> [Aim of the exercise]
Copy every line of the data exactly, keeping out any picture.

[Image-backed grounding data]
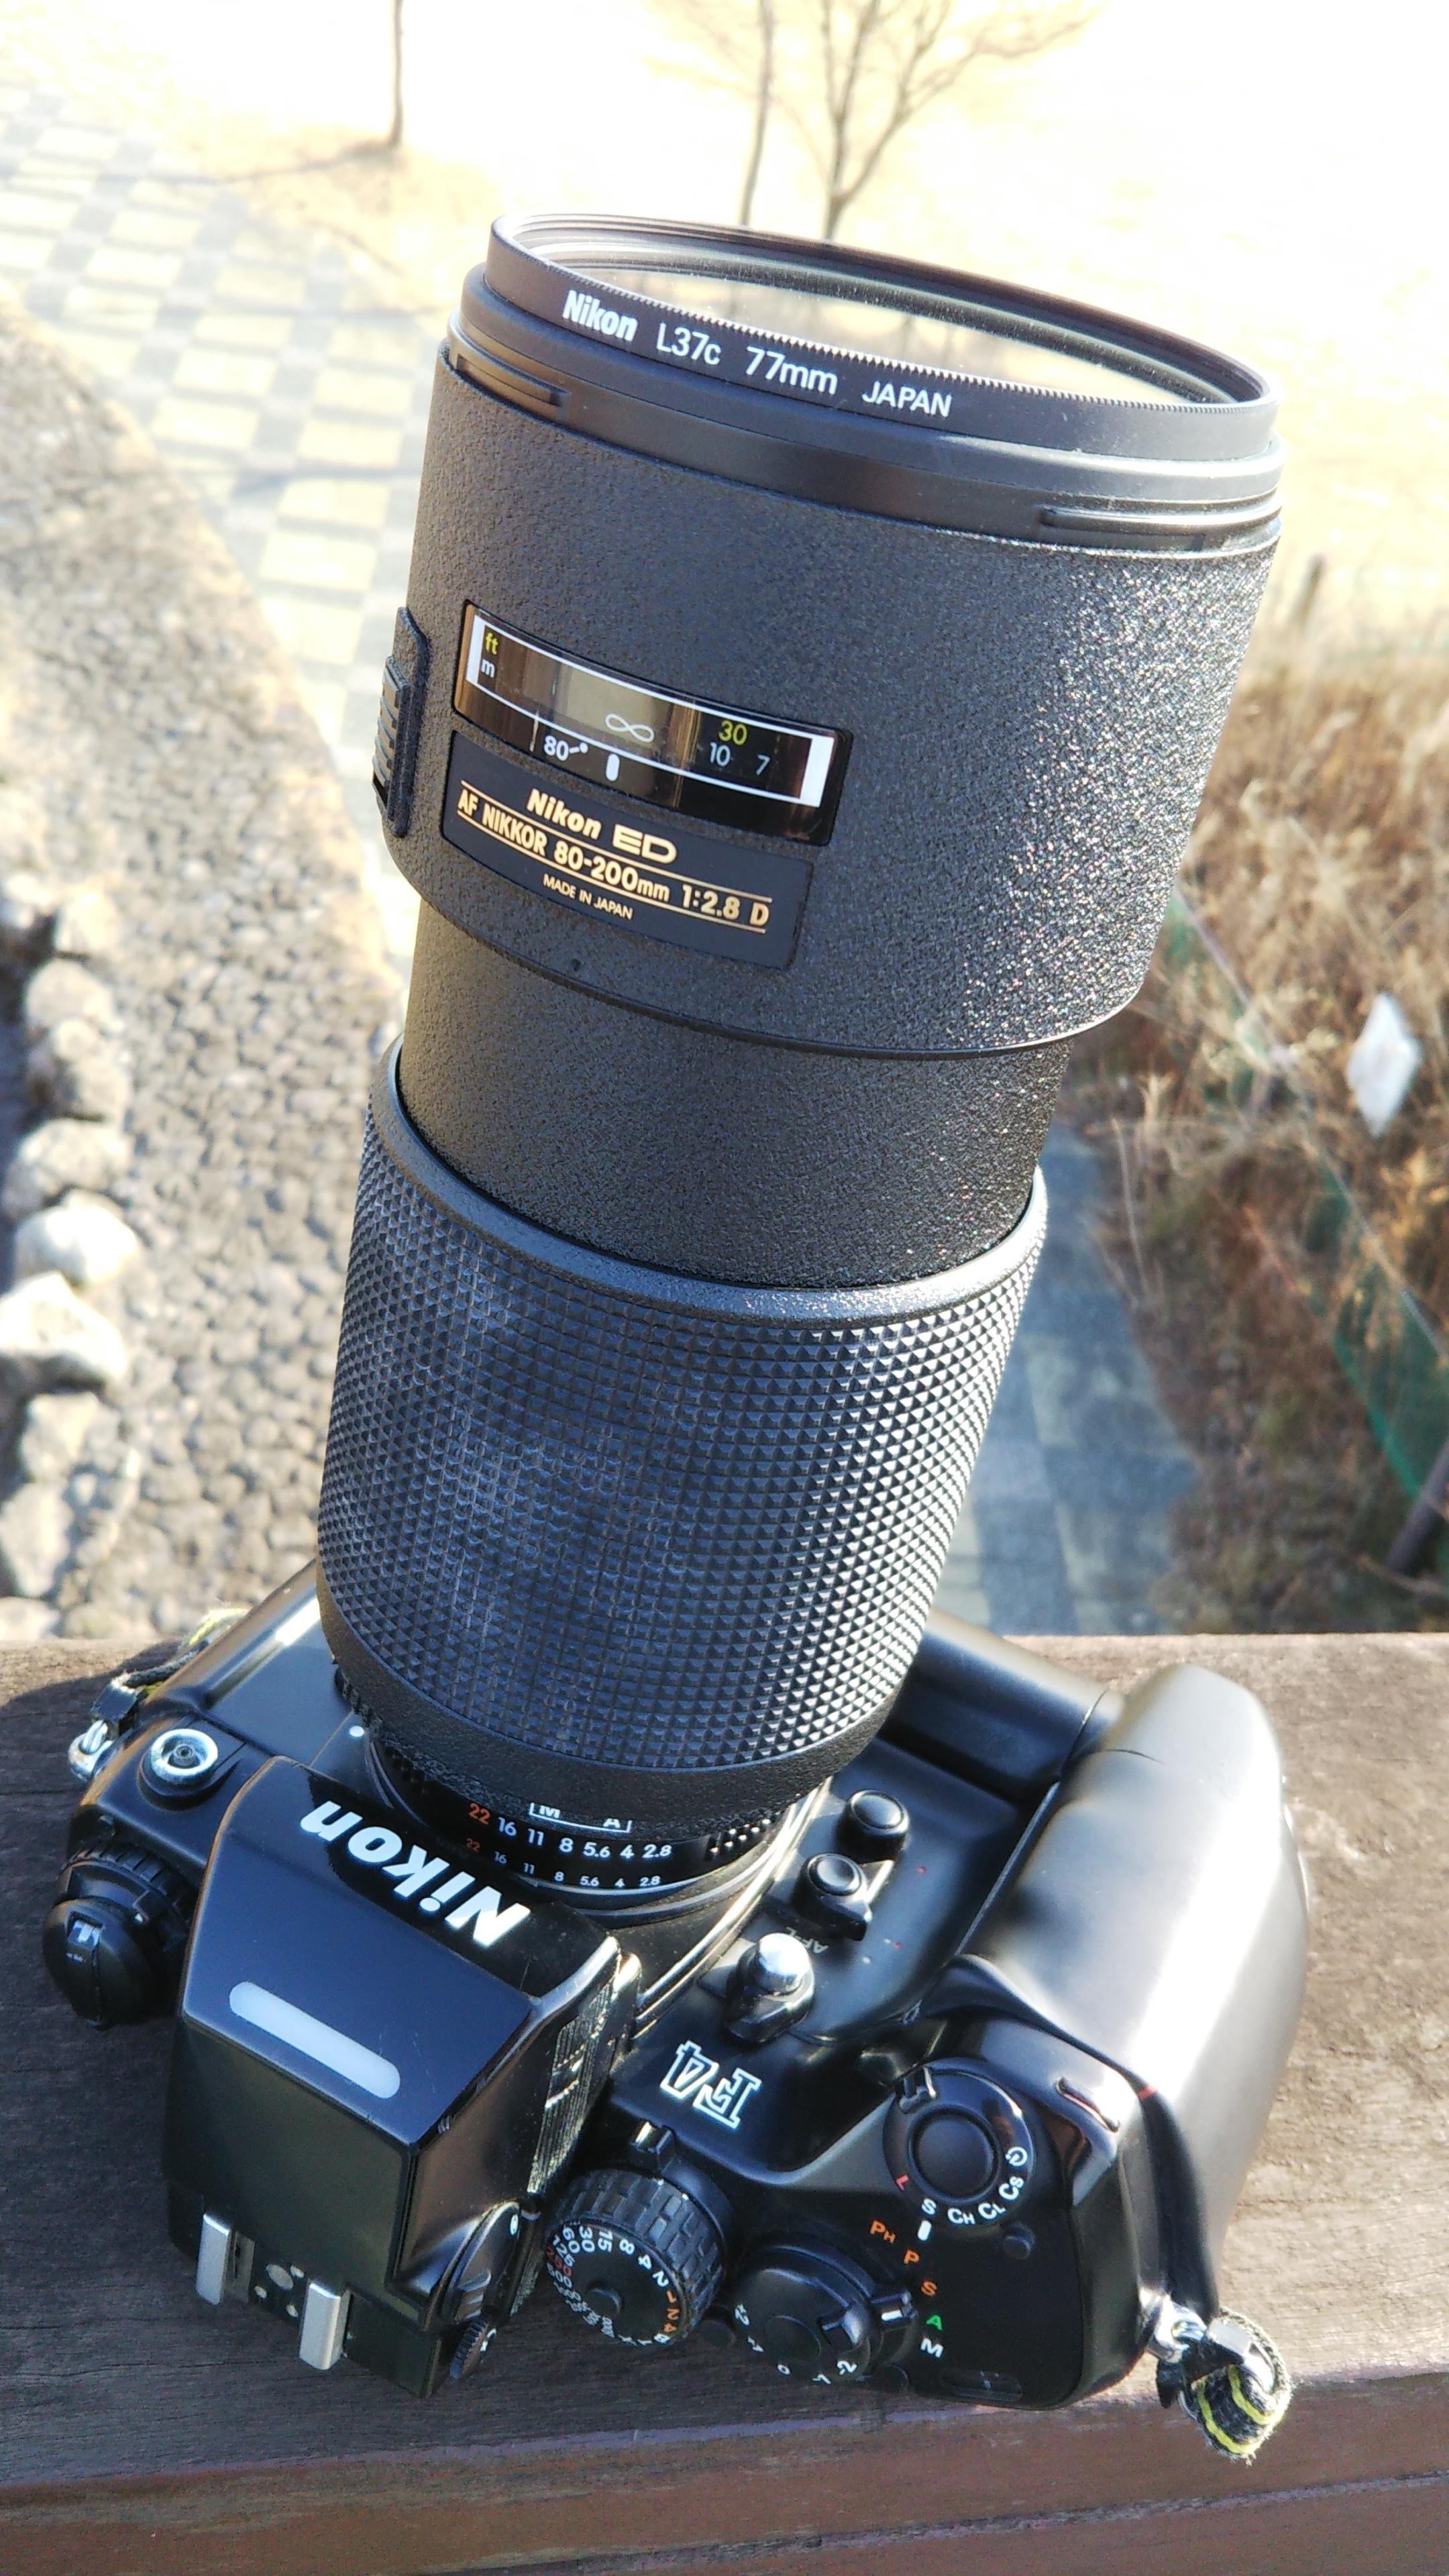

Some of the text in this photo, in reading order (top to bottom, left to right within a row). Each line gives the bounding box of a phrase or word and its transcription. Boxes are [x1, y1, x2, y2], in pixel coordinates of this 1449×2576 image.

[562, 289, 952, 417] Nikon L37c 77mm JAPAN
[485, 632, 498, 655] ft
[481, 657, 496, 678] m
[718, 720, 748, 745] 30
[708, 742, 771, 776] 10 7
[526, 788, 678, 864] Nikon ED
[458, 788, 770, 927] AF NIKKOR 80-200mm 1:2.8 D
[543, 873, 633, 921] MADE IN JAPAN
[469, 1802, 673, 1860] 22 16 11 8 5.6 4 2.8
[299, 1799, 531, 1946] Nikon
[493, 1851, 508, 1865] 16
[523, 1862, 535, 1875] 11
[554, 1871, 565, 1882] 8
[580, 1876, 600, 1887] 5.6
[614, 1878, 625, 1888] 4
[639, 1876, 661, 1887] 2.8
[659, 2039, 762, 2129] F4
[922, 2198, 937, 2216] S
[552, 2235, 576, 2268] 125
[562, 2226, 581, 2255] 60
[578, 2225, 596, 2253] 30
[597, 2230, 614, 2253] 15
[619, 2238, 635, 2256] 8
[637, 2253, 653, 2271] 4
[903, 2249, 920, 2265] P
[546, 2262, 572, 2289] 500
[652, 2270, 669, 2288] 2
[921, 2281, 938, 2297] S
[663, 2322, 678, 2334] 4
[926, 2315, 943, 2331] A
[920, 2338, 944, 2359] M
[777, 2364, 791, 2375] 0
[837, 2360, 858, 2376] -2
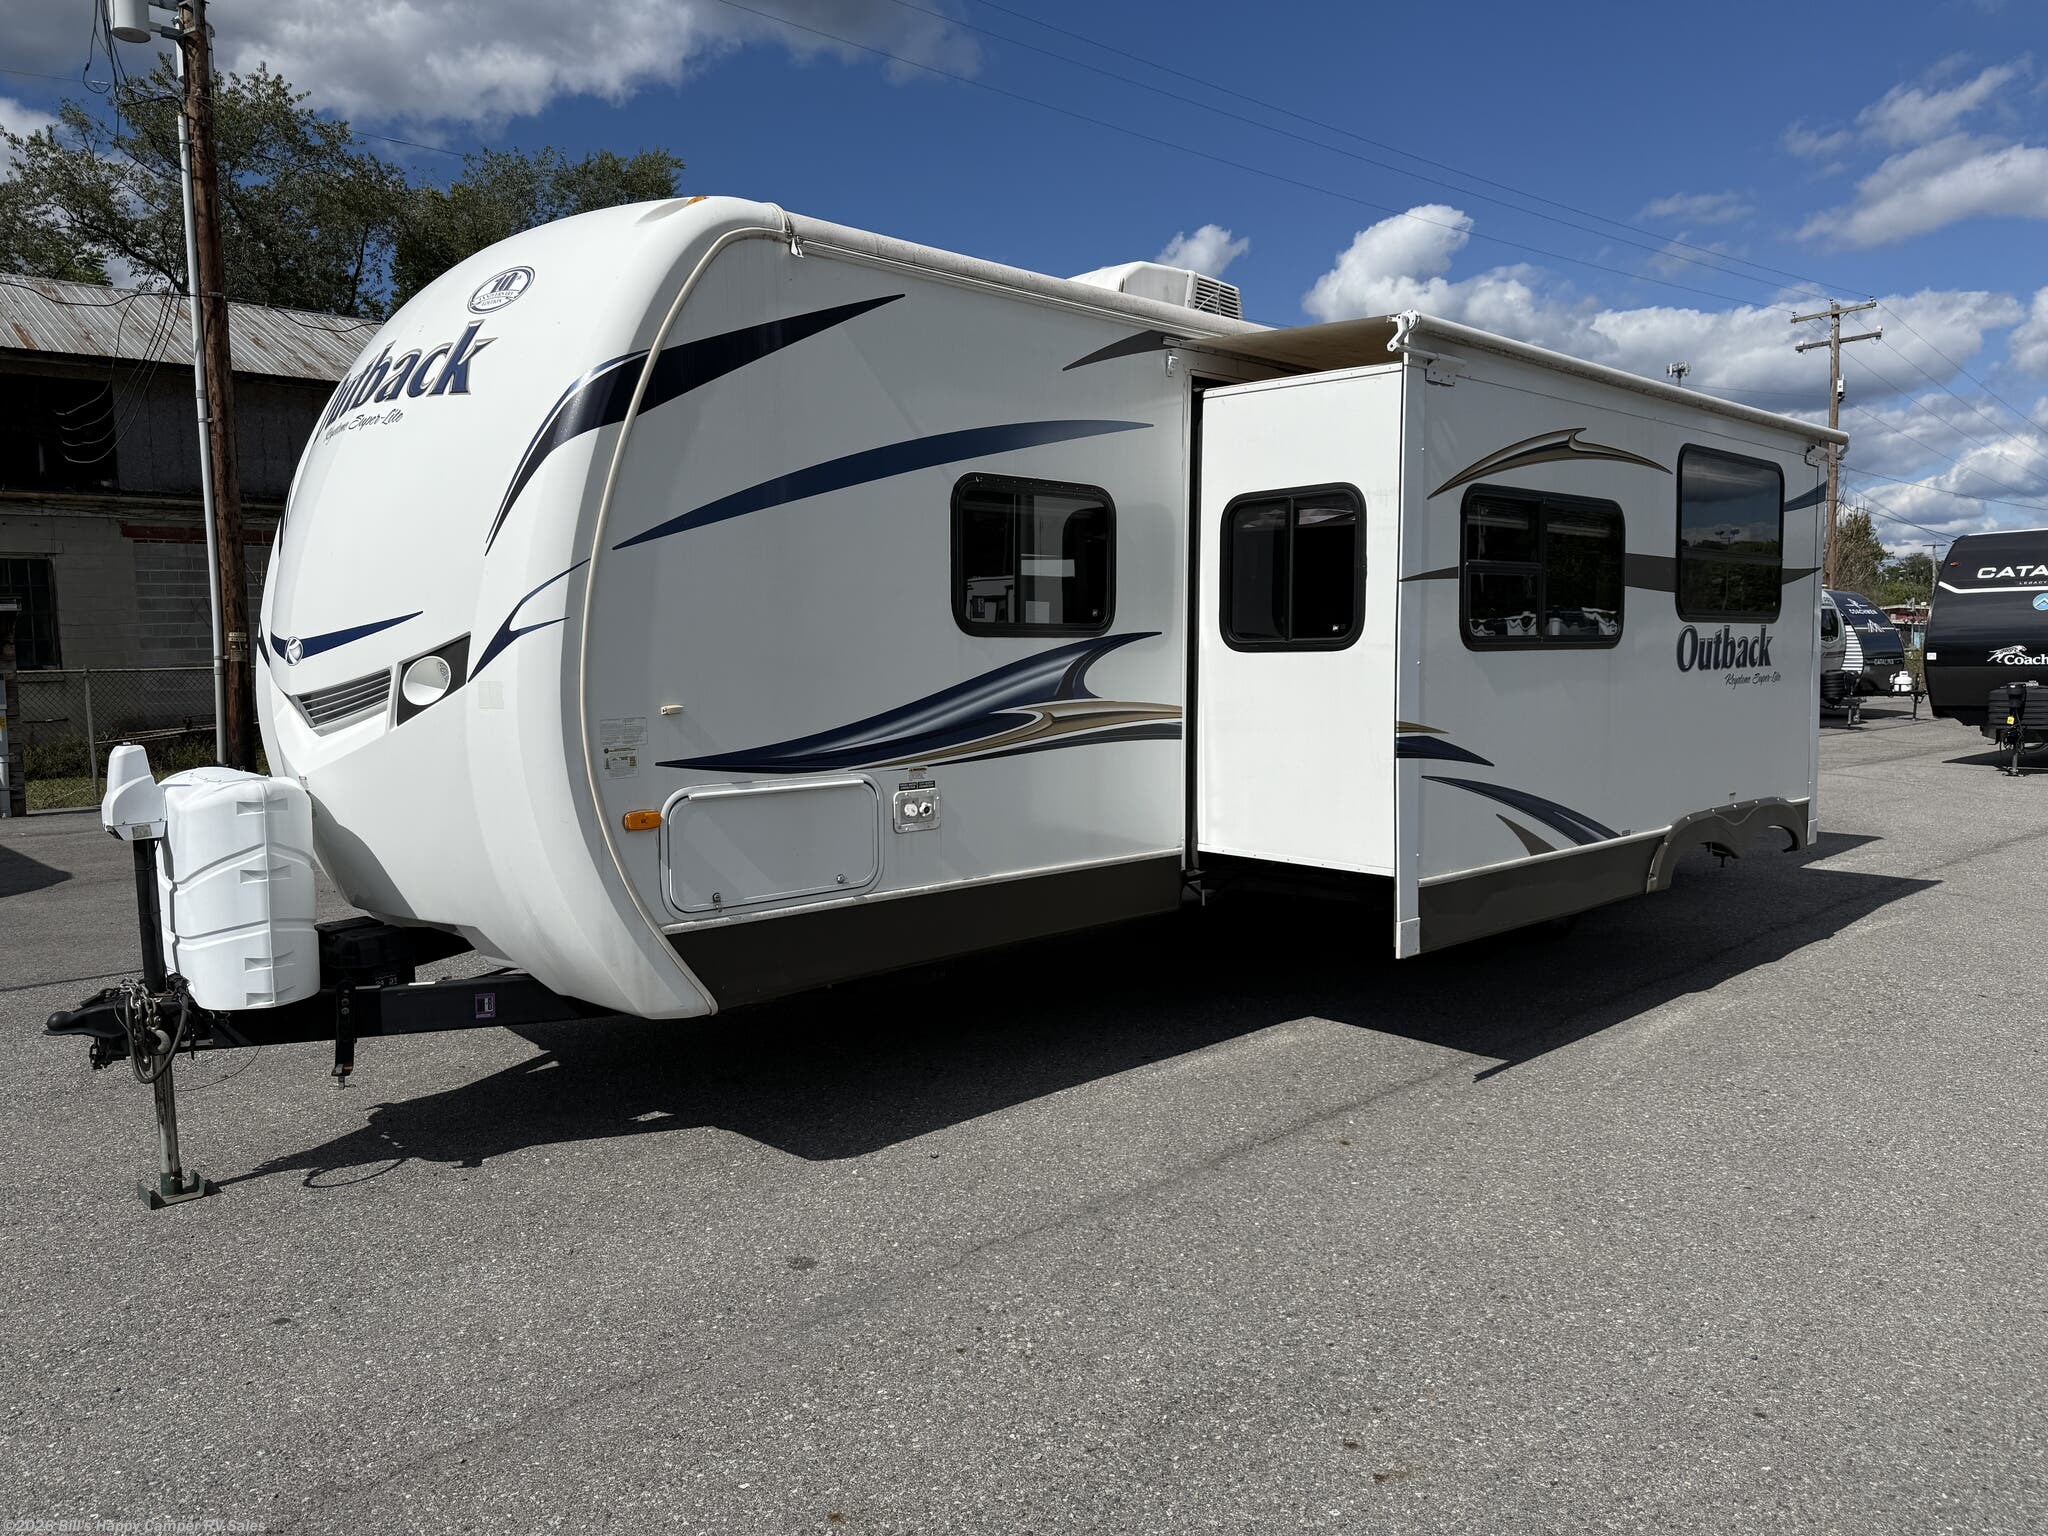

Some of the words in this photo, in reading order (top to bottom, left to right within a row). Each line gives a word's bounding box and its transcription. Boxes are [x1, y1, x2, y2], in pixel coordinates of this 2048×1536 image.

[1977, 564, 2048, 579] CATA
[1676, 624, 1774, 672] Outback
[2003, 653, 2048, 665] Coach

> [Solution to the exercise]
Some of the text in this photo, in reading order (top to bottom, left to right within a row). Each line gives the bounding box of a phrase or word and its transcription. Boxes are [x1, y1, x2, y2], in pixel coordinates of this 1449×2576 image.

[562, 289, 952, 417] Nikon L37c 77mm JAPAN
[485, 632, 498, 655] ft
[481, 657, 496, 678] m
[718, 720, 748, 745] 30
[708, 742, 771, 776] 10 7
[526, 788, 678, 864] Nikon ED
[458, 788, 770, 927] AF NIKKOR 80-200mm 1:2.8 D
[543, 873, 633, 921] MADE IN JAPAN
[469, 1802, 673, 1860] 22 16 11 8 5.6 4 2.8
[299, 1799, 531, 1946] Nikon
[493, 1851, 508, 1865] 16
[523, 1862, 535, 1875] 11
[554, 1871, 565, 1882] 8
[580, 1876, 600, 1887] 5.6
[614, 1878, 625, 1888] 4
[639, 1876, 661, 1887] 2.8
[659, 2039, 762, 2129] F4
[922, 2198, 937, 2216] S
[552, 2235, 576, 2268] 125
[562, 2226, 581, 2255] 60
[578, 2225, 596, 2253] 30
[597, 2230, 614, 2253] 15
[619, 2238, 635, 2256] 8
[637, 2253, 653, 2271] 4
[903, 2249, 920, 2265] P
[546, 2262, 572, 2289] 500
[652, 2270, 669, 2288] 2
[921, 2281, 938, 2297] S
[663, 2322, 678, 2334] 4
[926, 2315, 943, 2331] A
[920, 2338, 944, 2359] M
[777, 2364, 791, 2375] 0
[837, 2360, 858, 2376] -2

Some of the words in this photo, in reading order (top to bottom, left to right within a row). Each line gives a word's bounding box and its transcription. Boxes are [x1, y1, x2, y2], in pixel coordinates of this 2048×1536 image.

[1977, 564, 2048, 579] CATA
[1676, 624, 1774, 672] Outback
[2003, 653, 2048, 665] Coach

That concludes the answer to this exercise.